Existem eleitores que acreditam que os maus candidatos, ficha suja, não conseguirão se reeleger, mesmo se bancarem campanhas caras. Pesquisas sobre as últimas eleições apontaram que o mal desempenho nas urnas desses candidatos não ocorreu, porque o brasileiro demonstrou ter memória curta e os gastos de campanha diminuíram o repúdio dos eleitores. O brasileiro precisa aprender a punir os políticos condenados, corruptos, desinteressados, omissos, envolvidos em investigações e que cometem abusos.

Exatamente no momento em que a consciência política da população aumenta, principalmente depois da operação Lava Jato, a renovação esperada pode não ocorrer. Vivemos na época das redes sociais, que facilitam a troca de informações sobre os postulantes a cargos políticos, o debate democrático e a apresentação de novas ideias.
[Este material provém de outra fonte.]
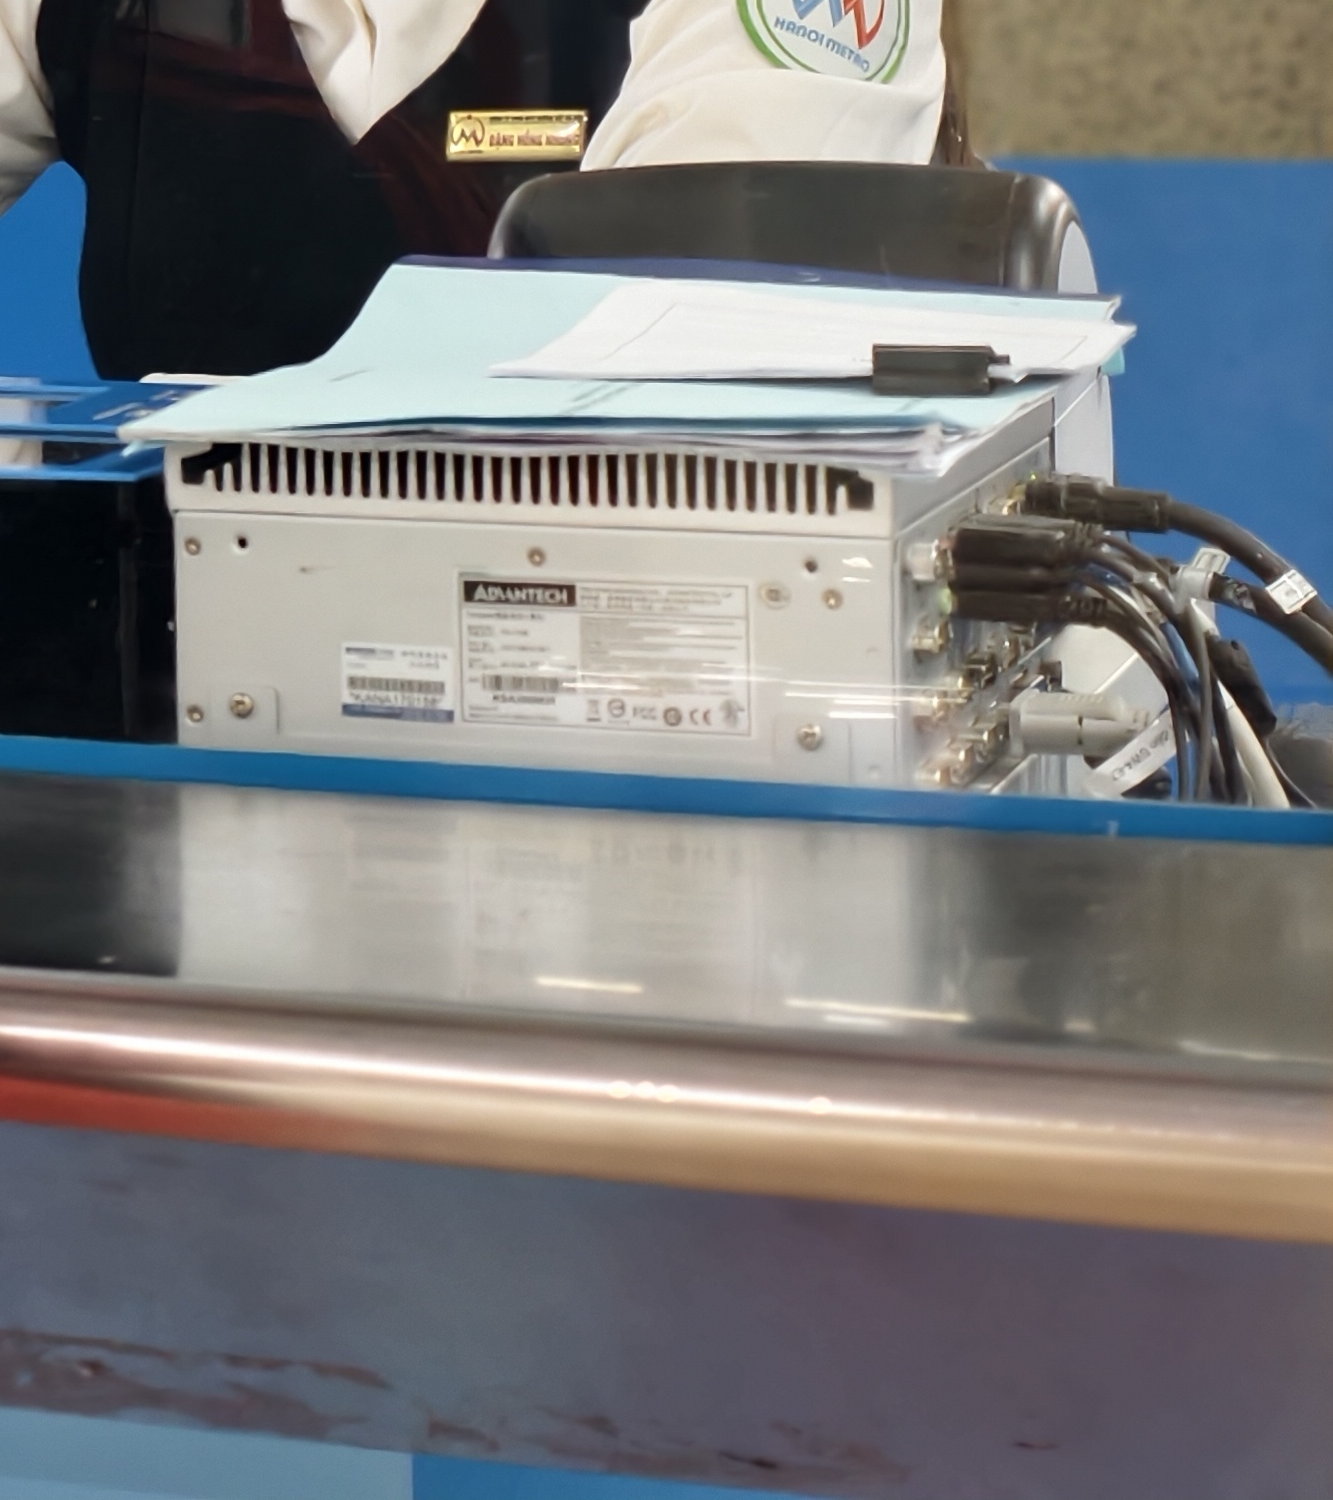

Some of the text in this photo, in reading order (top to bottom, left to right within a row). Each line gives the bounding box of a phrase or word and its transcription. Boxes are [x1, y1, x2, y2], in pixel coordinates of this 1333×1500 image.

Inversamente, os eleitores correm o risco de descobrir que o resultado de tanta facilidade em termos de comunicação, denúncia e compartilhamento de dados seja simplesmente a manutenção do cenário que já existe hoje e que tantos querem ver mudar.

Policial federal, Carlos Arouck é formado em Direito e Administração de Empresas, instrutor de cursos na área de proteção, defesa e vigilância, consultor de cenários políticos e de segurança pública, membro ativo de grupos ligados aos movimentos de rua.